(Stored records)
┌────────
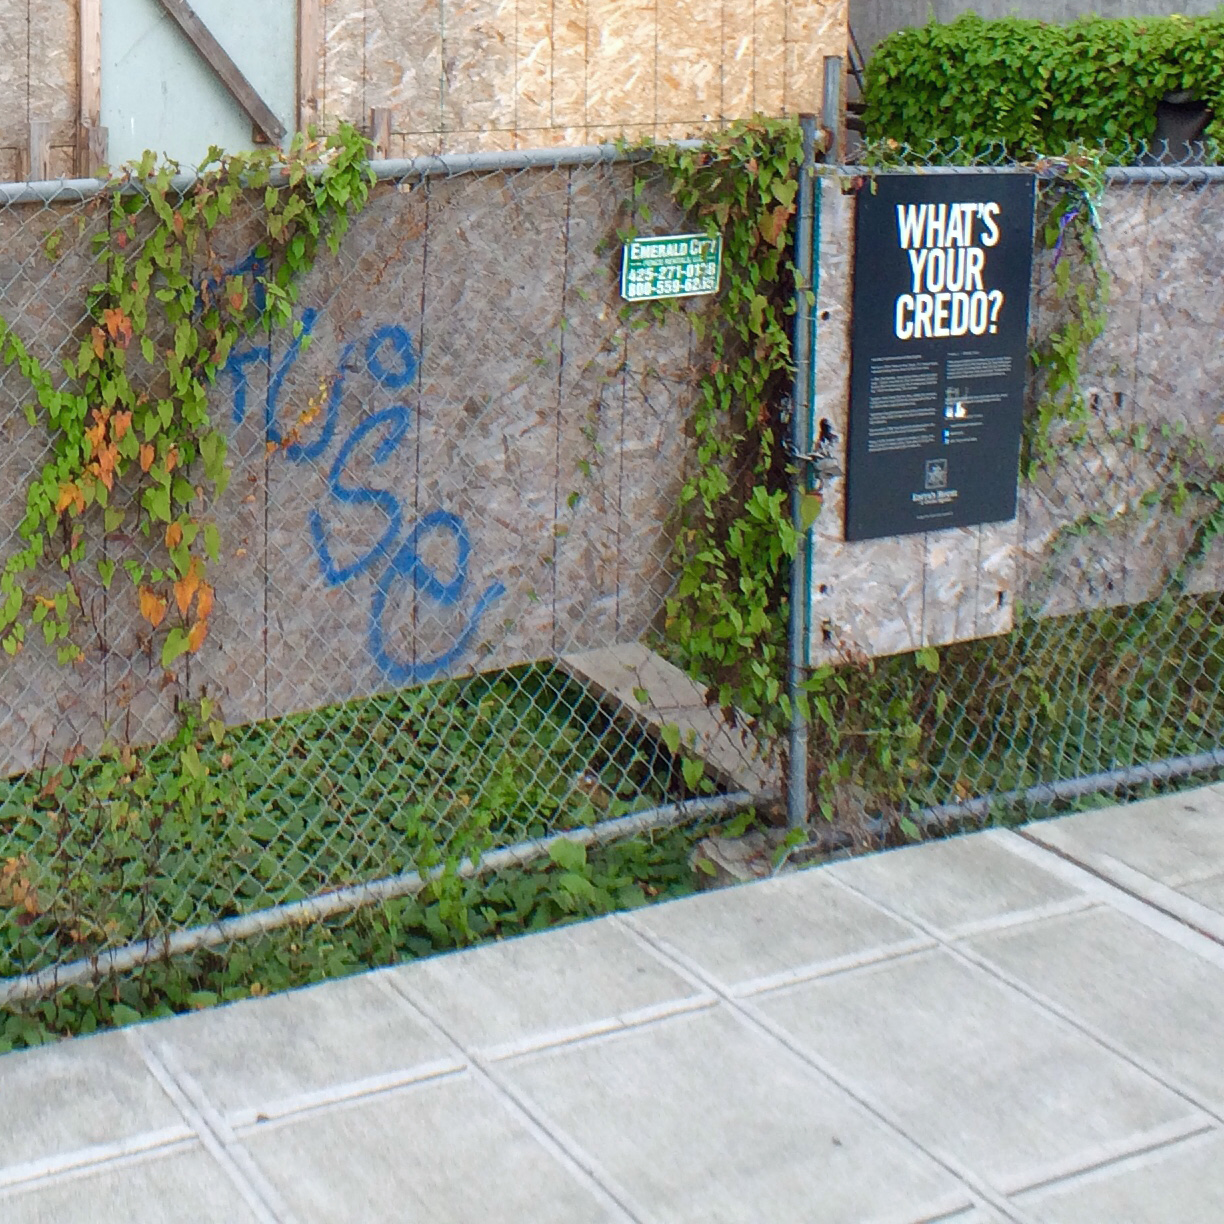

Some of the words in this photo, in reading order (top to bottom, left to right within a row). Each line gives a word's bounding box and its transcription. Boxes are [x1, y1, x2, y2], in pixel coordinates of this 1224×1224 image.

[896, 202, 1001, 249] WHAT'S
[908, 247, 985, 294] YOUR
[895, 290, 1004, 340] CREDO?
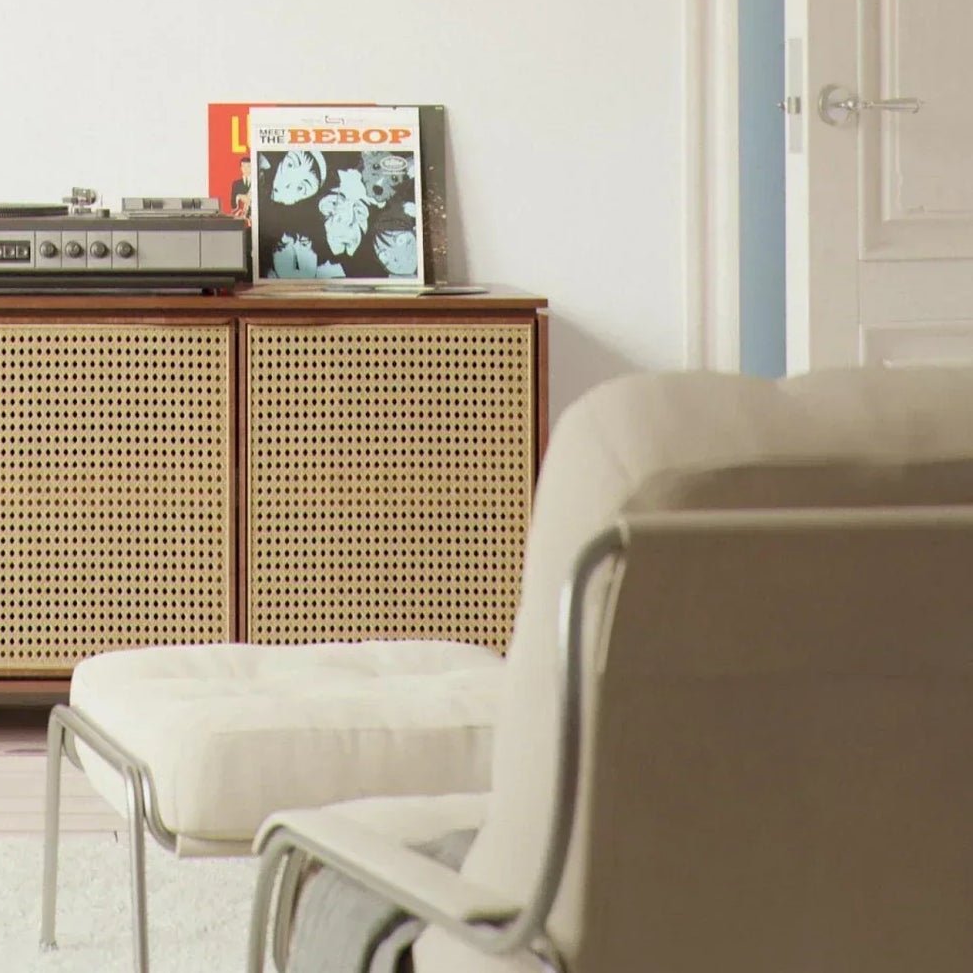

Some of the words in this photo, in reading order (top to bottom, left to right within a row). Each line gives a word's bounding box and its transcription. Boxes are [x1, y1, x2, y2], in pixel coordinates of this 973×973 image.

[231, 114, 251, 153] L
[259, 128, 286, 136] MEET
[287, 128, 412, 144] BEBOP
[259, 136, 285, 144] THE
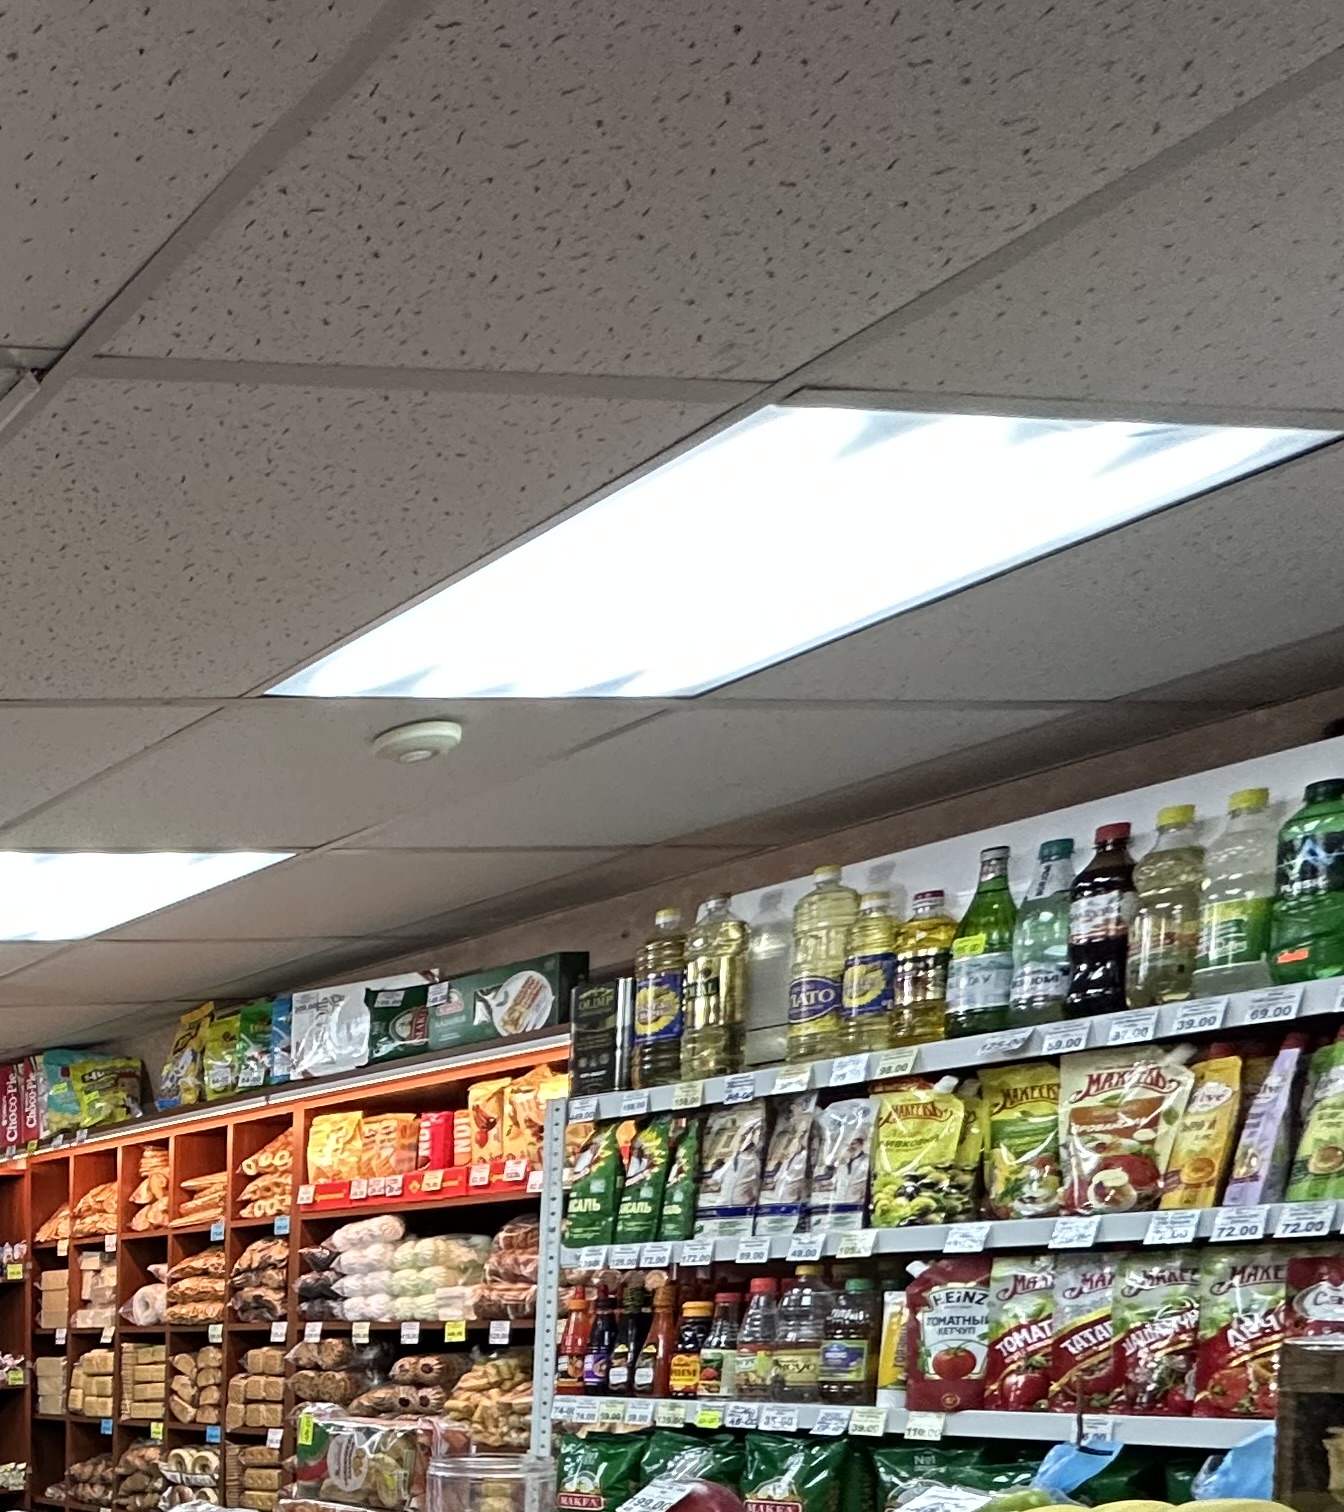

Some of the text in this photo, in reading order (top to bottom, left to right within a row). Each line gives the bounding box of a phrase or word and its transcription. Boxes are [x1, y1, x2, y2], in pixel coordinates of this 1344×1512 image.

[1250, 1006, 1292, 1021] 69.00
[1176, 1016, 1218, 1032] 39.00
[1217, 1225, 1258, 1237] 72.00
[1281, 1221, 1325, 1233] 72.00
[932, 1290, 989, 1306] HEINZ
└────────
- [EXERCISE DIRECTIONS]: Print all the records again exactly; do not include any picture.

- [PROBLEM SOLUTION]:
Some of the words in this photo, in reading order (top to bottom, left to right within a row). Each line gives a word's bounding box and its transcription. Boxes are [x1, y1, x2, y2], in pixel coordinates of this 1224×1224 image.

[896, 202, 1001, 249] WHAT'S
[908, 247, 985, 294] YOUR
[895, 290, 1004, 340] CREDO?

Some of the words in this photo, in reading order (top to bottom, left to right within a row). Each line gives a word's bounding box and its transcription. Boxes are [x1, y1, x2, y2], in pixel coordinates of this 973×973 image.

[231, 114, 251, 153] L
[259, 128, 286, 136] MEET
[287, 128, 412, 144] BEBOP
[259, 136, 285, 144] THE

Some of the text in this photo, in reading order (top to bottom, left to right within a row). Each line gives the bounding box of a phrase or word and its transcription. Boxes are [x1, y1, x2, y2], in pixel coordinates of this 1344×1512 image.

[1250, 1006, 1292, 1021] 69.00
[1176, 1016, 1218, 1032] 39.00
[1217, 1225, 1258, 1237] 72.00
[1281, 1221, 1325, 1233] 72.00
[932, 1290, 989, 1306] HEINZ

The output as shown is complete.